Exercise goal:
An exact transcription of all the entries is needed; pictures stay out.
Segment Start: Data for this task
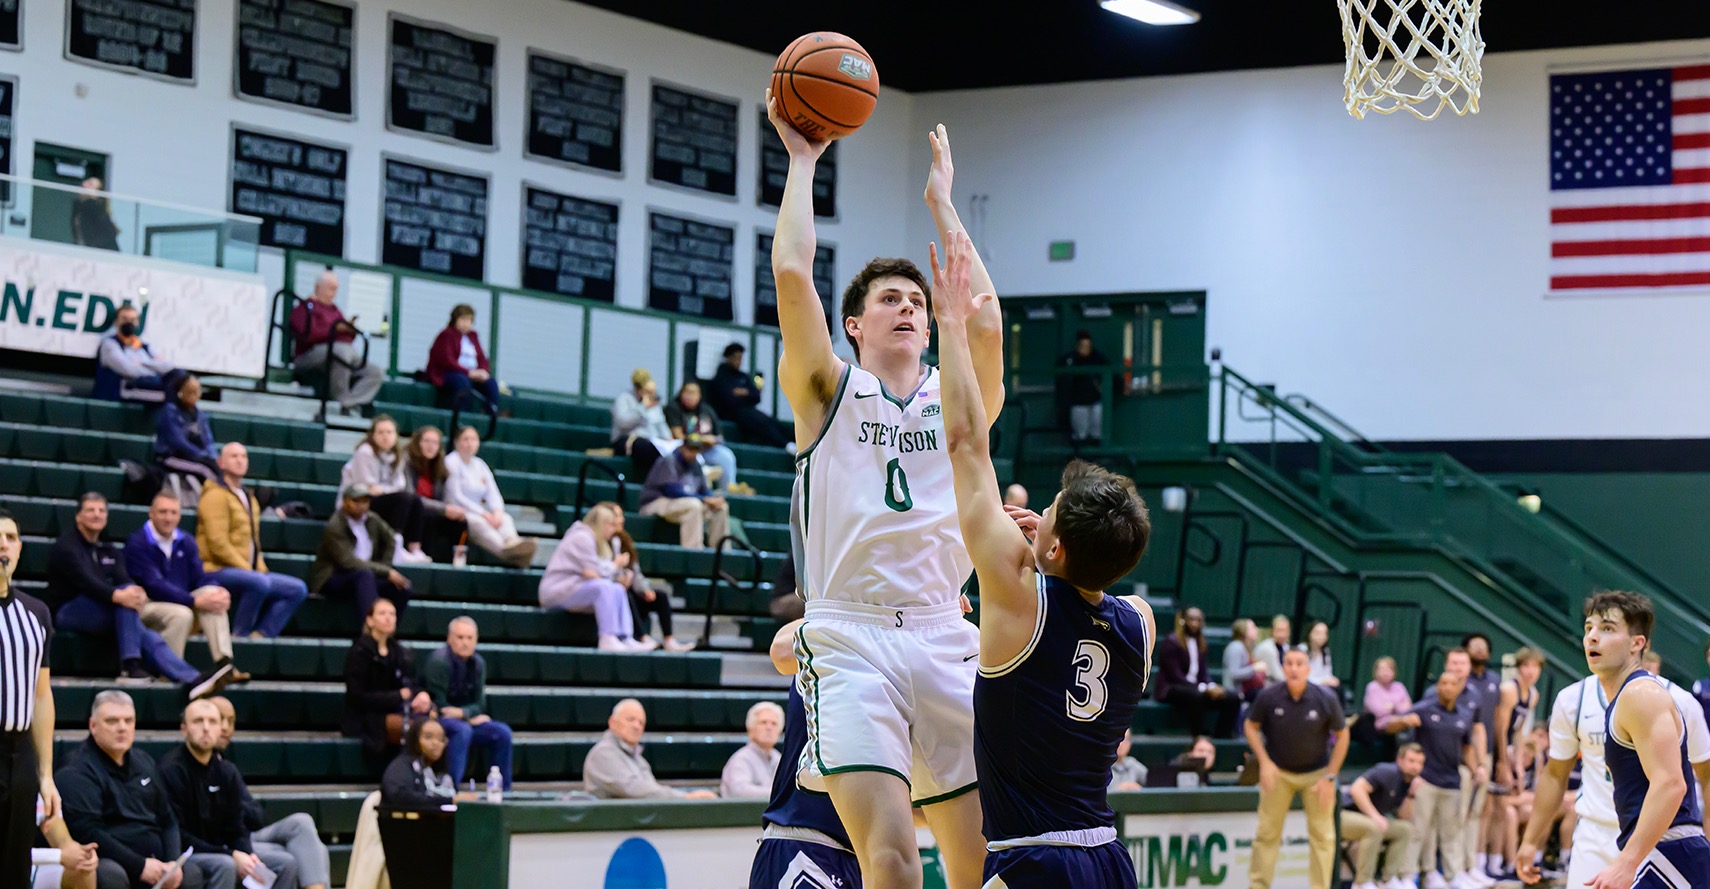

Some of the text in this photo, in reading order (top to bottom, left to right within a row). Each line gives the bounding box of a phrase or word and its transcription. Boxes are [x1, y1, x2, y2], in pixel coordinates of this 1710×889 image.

[842, 55, 871, 73] MAC
[858, 421, 938, 453] STEVSON
[884, 457, 913, 512] 0
[895, 610, 903, 628] S
[1066, 639, 1110, 722] 3
[1148, 832, 1228, 888] MAC
Segment End: Data for this task
Your solution:
Some of the text in this photo, in reading order (top to bottom, left to right within a row). Each line gives the bounding box of a phrase or word and its transcription. Boxes are [x1, y1, x2, y2], in pixel coordinates of this 1710×889 image.

[842, 55, 871, 73] MAC
[858, 421, 938, 453] STEVSON
[884, 457, 913, 512] 0
[895, 610, 903, 628] S
[1066, 639, 1110, 722] 3
[1148, 832, 1228, 888] MAC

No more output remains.